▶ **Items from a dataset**
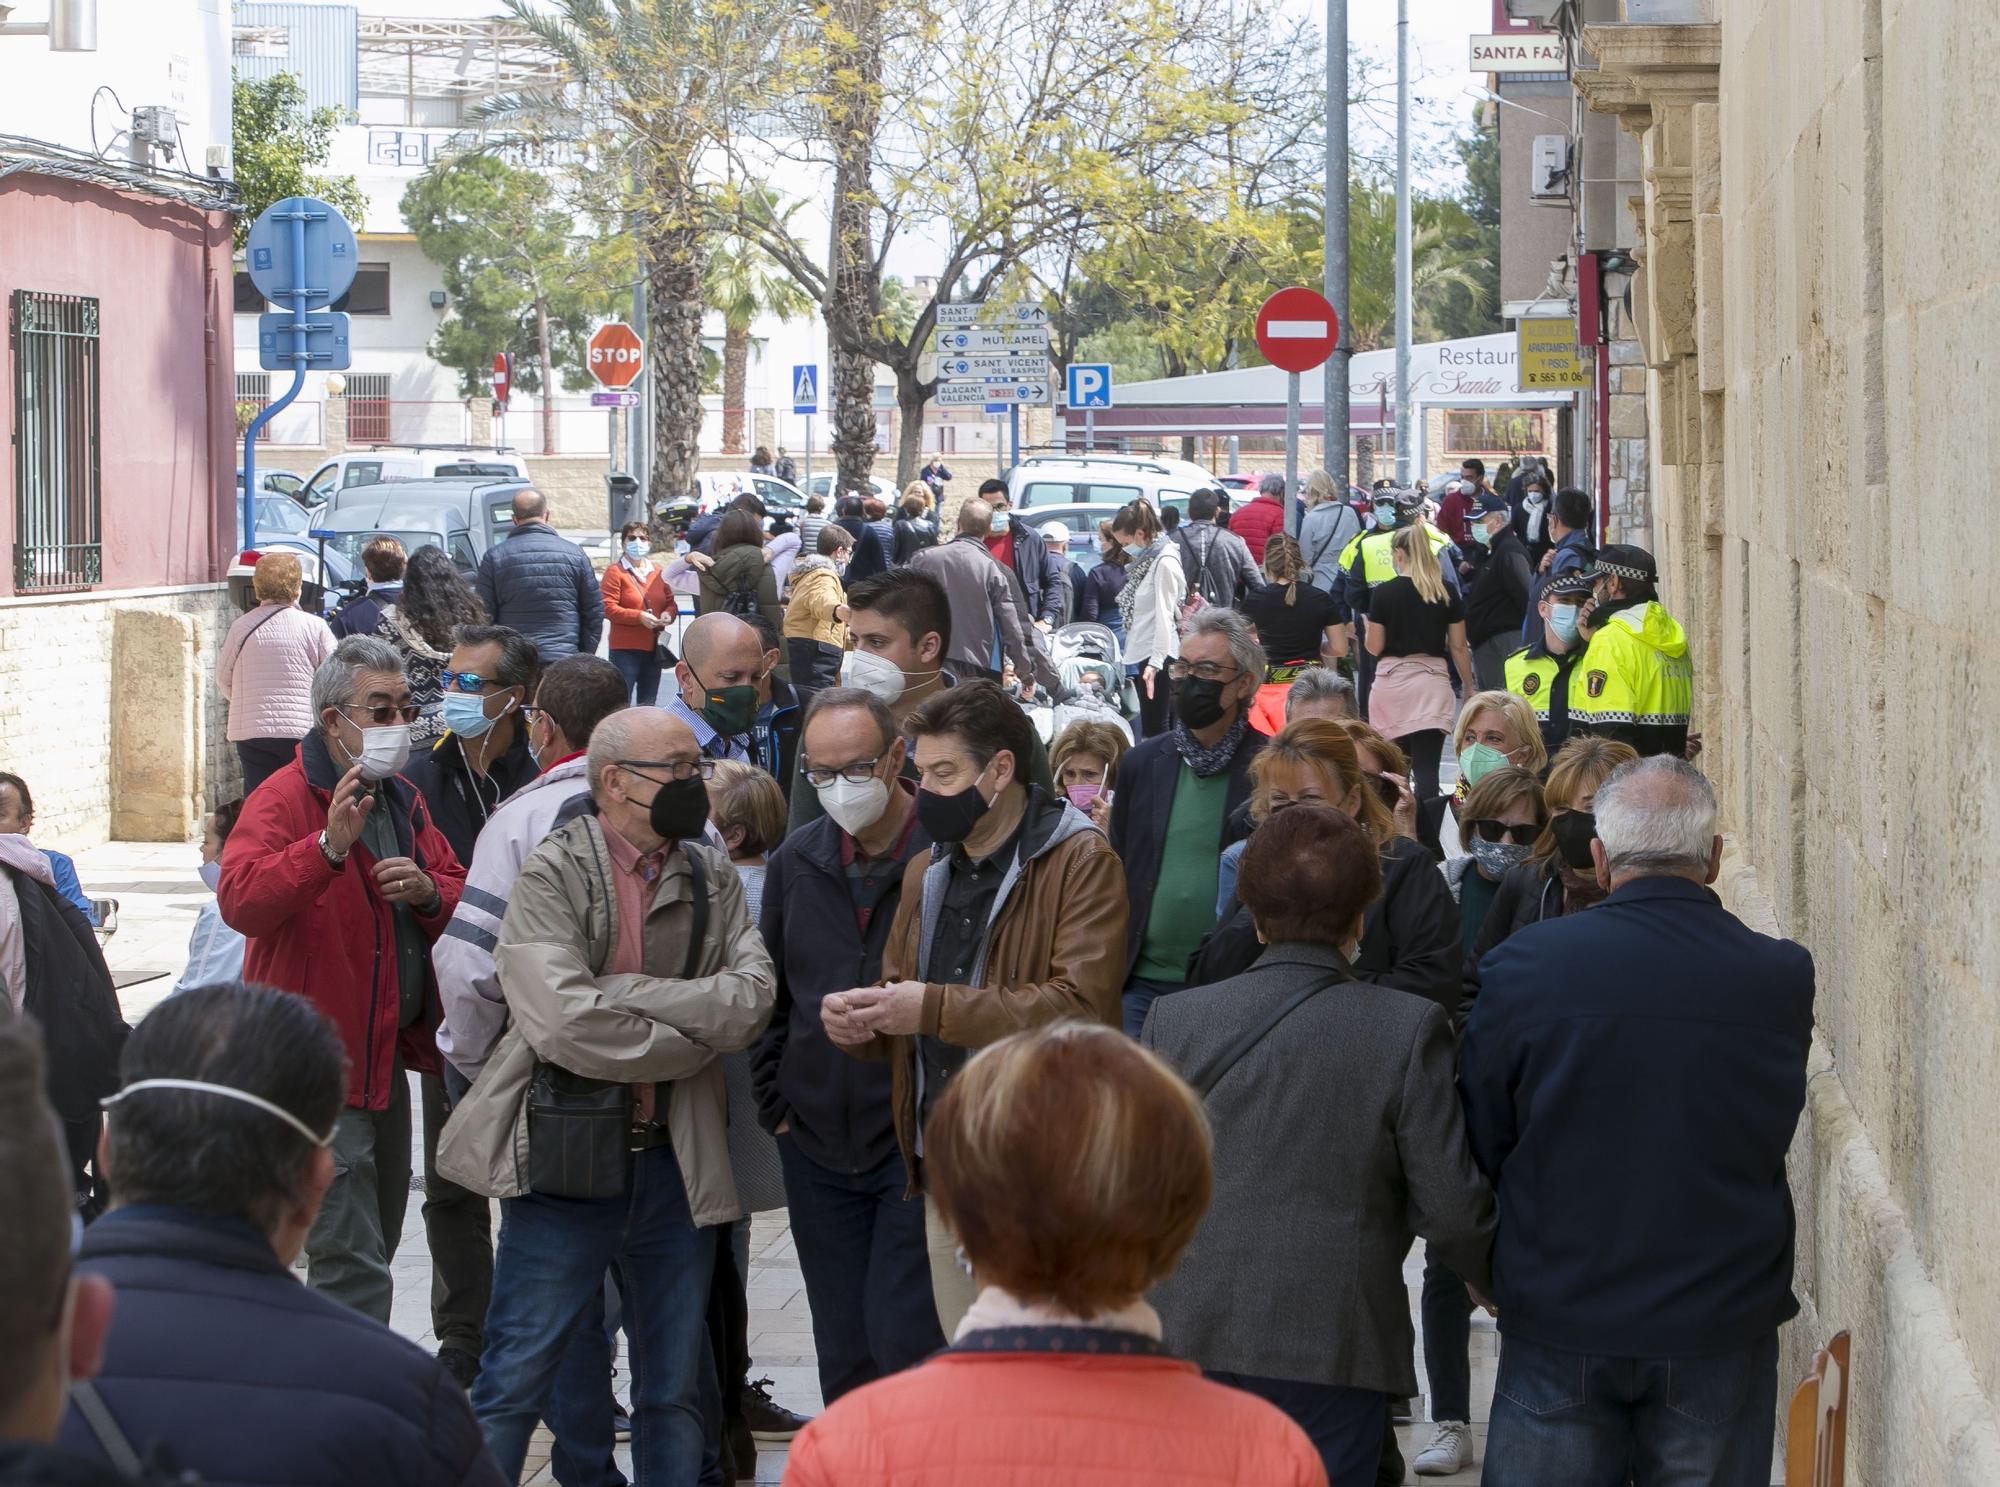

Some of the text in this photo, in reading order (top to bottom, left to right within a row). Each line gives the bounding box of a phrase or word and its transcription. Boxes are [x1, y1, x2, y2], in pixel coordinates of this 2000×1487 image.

[1473, 46, 1527, 60] SANTA
[940, 307, 968, 316] SANT
[591, 347, 641, 363] STOP
[1008, 359, 1045, 367] VICENT
[1540, 372, 1583, 382] 565 10 06
[1075, 369, 1103, 404] P
[1430, 370, 1502, 395] Santa
[941, 386, 983, 394] ALACANT
[941, 394, 986, 402] VALENCIA

▶ **WHAT IS NEEDED**
The result should be a word-for-word restatement of all the data, without images.

▶ **SOLVED EXERCISE**
Some of the text in this photo, in reading order (top to bottom, left to right within a row). Each line gives the bounding box of a phrase or word and its transcription. Boxes are [x1, y1, x2, y2], in pixel coordinates of this 2000×1487 image.

[1473, 46, 1527, 60] SANTA
[940, 307, 968, 316] SANT
[591, 347, 641, 363] STOP
[1008, 359, 1045, 367] VICENT
[1540, 372, 1583, 382] 565 10 06
[1075, 369, 1103, 404] P
[1430, 370, 1502, 395] Santa
[941, 386, 983, 394] ALACANT
[941, 394, 986, 402] VALENCIA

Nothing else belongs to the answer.